At the end of the day, Gabe shows Erin the movie they will be watching that night, Hardware, which involves a killer robot (calling it a compromise because Erin wanted to watch WALL-E). As he is leaving, Andy casually loans Erin a copy of Shrek 2, saying he thinks she would like it. A deflated Gabe realizes that Erin is far more excited about the movie Andy recommended her than the one he picked out.

==Production==
The episode was written by producer Steve Hely, the first episode he has written for The Office since joining the writing staff in season seven. It was directed by co-executive producer B. J. Novak, the second episode he has directed for the series; he also portrays Ryan Howard on the show. The episode features the first guest appearance of The Office co-creator Ricky Gervais which was revealed on January 19, 2011, that Gervais would reprise his role as David Brent from the original British series in a cameo appearance. The scene was shot months previously, and NBC hoped to keep it a secret, but the news eventually leaked. Gervais appeared in the cold open in the episode, interacting with Michael Scott. He eventually reappeared in the seventh season finale, "Search Committee".

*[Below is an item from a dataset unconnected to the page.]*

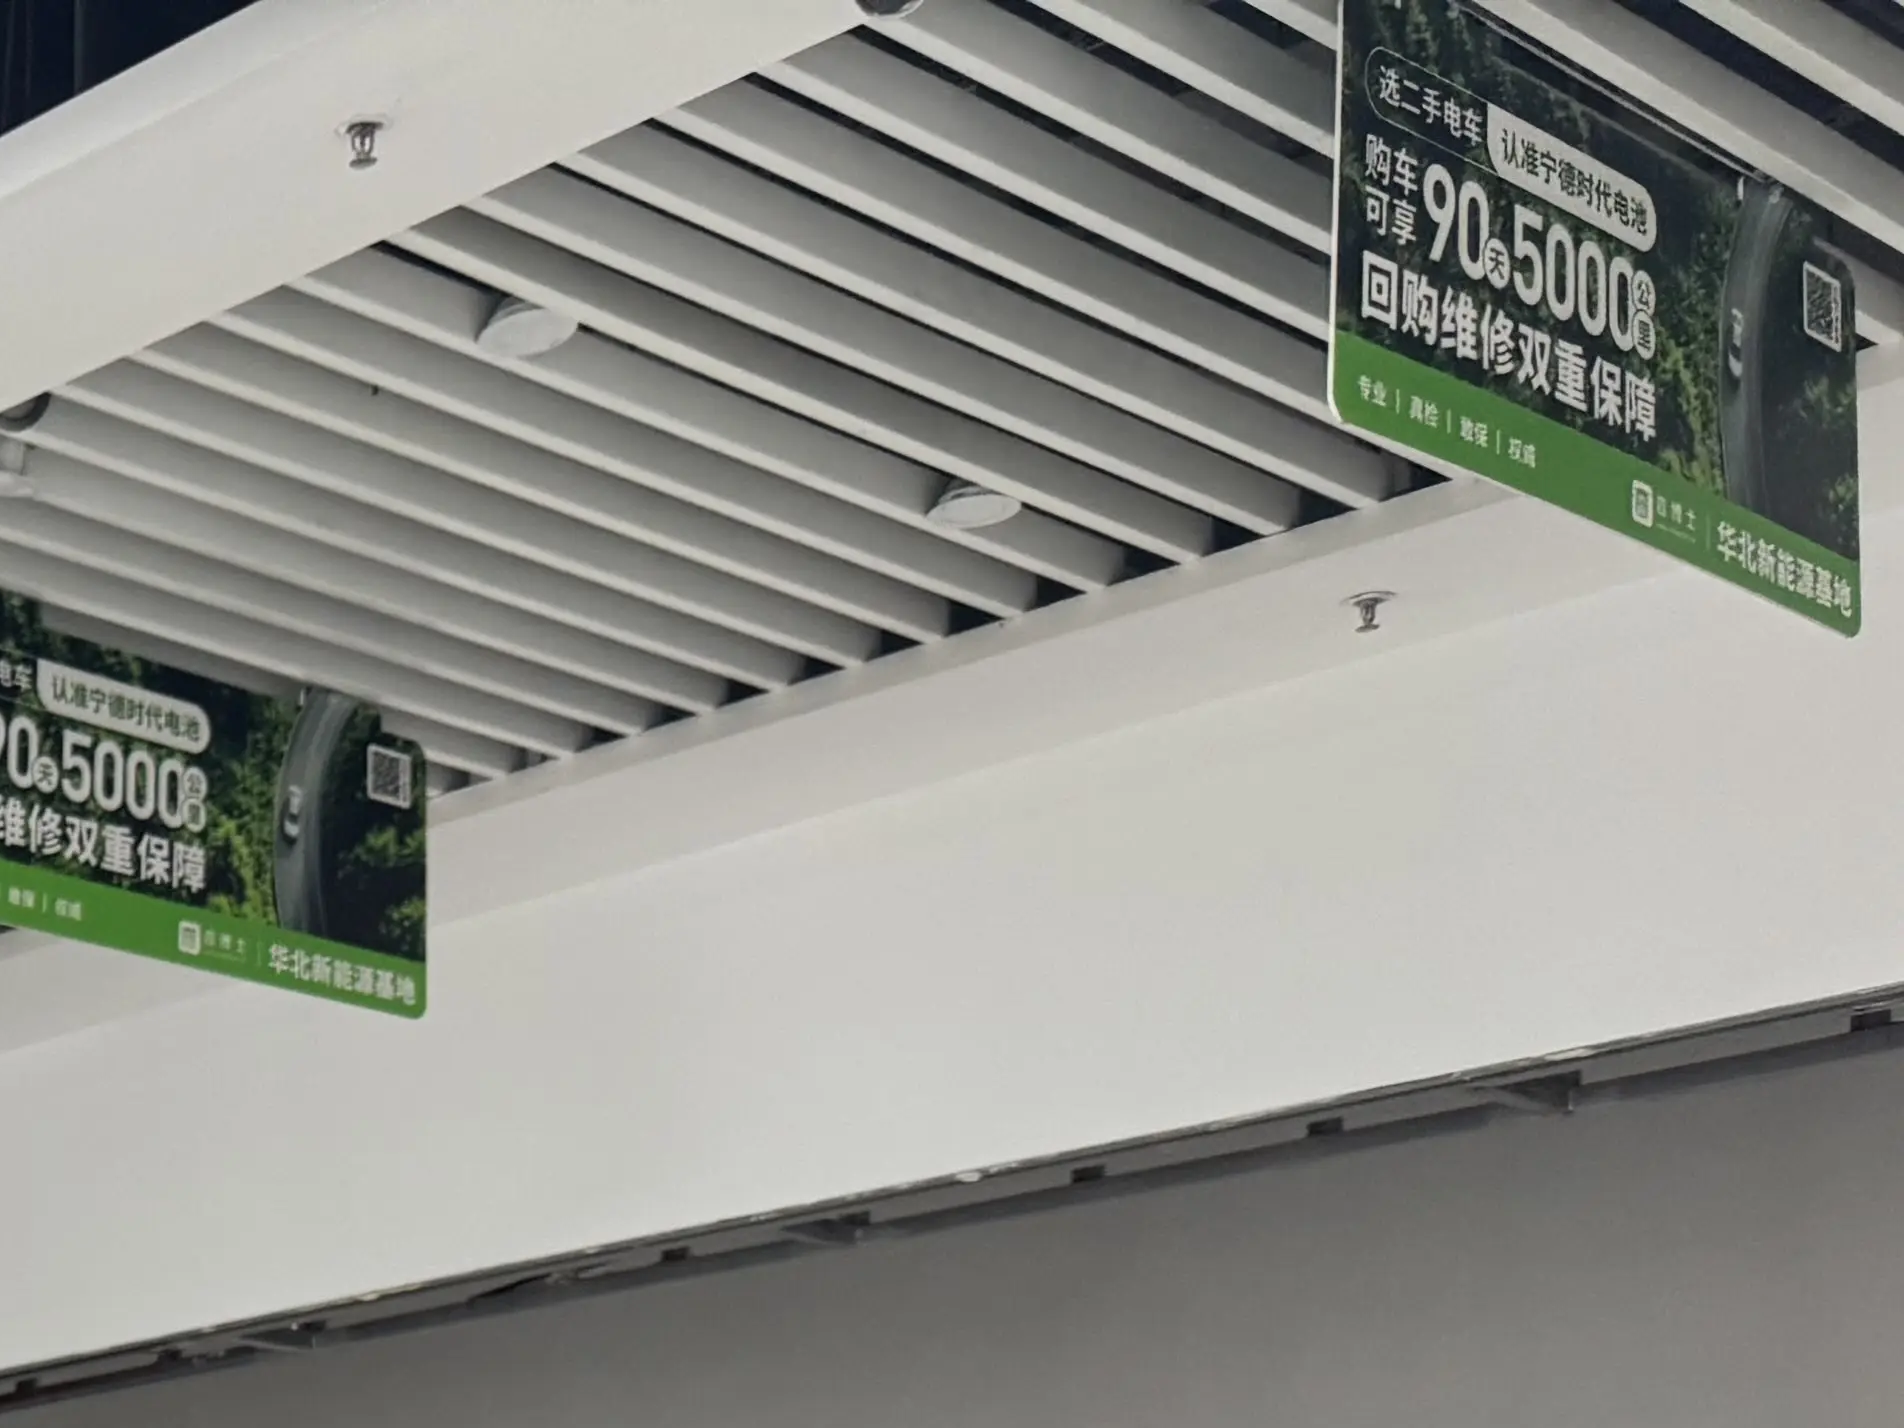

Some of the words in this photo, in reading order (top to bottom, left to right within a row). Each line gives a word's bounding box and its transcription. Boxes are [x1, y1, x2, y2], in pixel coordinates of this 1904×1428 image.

The official website for The Office included four cut scenes from "The Seminar" within a week of its release. In the first 41-second clip, Stanley reveals his selling technique while Andy reveals why he cannot close sales. In the second 56-second clip, Michael gives more answers to Holly on his Greek character. In the third 39-second clip, Creed reveals that the idea of Chuck E. Cheese's was supposedly taken from him. In the fourth 108-second clip, Dwight, Stanley and Phyllis try to convince Michael to make Andy let them close the seminar.

==Reception==
===Ratings===
In its original American broadcast on January 27, 2011, "The Seminar" was viewed by an estimated 7.93 million viewers and received a 4.0 rating/11% share among adults between the ages of 18 and 49 according to the Nielsen Media Research. This means that it was seen by 4.0% of all 18- to 49-year-olds, and 11% of all 18- to 49-year-olds watching television at the time of the broadcast. It marked an eleven percent decrease from the previous episode, Ultimatum. The episode ranked first in its timeslot beating the Fox series Bones which received a 3.9 rating/10% share in the 18–49 demographic, a rerun of the CBS crime drama CSI: Crime Scene Investigation which received a 2.1 rating/6% share, a rerun of the ABC medical drama, Grey's Anatomy which received 1.5 rating/4% share and Nikita which received a 1.1 rating/3% share.

===Reviews===
The episode received mostly positive reviews from critics. HitFix writer Alan Sepinwall said the episode was "uneven but often funny, and a nice showcase for the supporting cast." James Poniewozik of Time praised the cold opening with Ricky Gervais, writing, "In barely over a minute, it showed us the commonalities between the two characters: how they've each created a world in which they are 'performers' whose cutting-edge comedy is often unappreciated". Despite this, "The Seminar" was voted the second lowest-rated episode out of 24 from the seventh season, according to an episode poll at the fansite OfficeTally.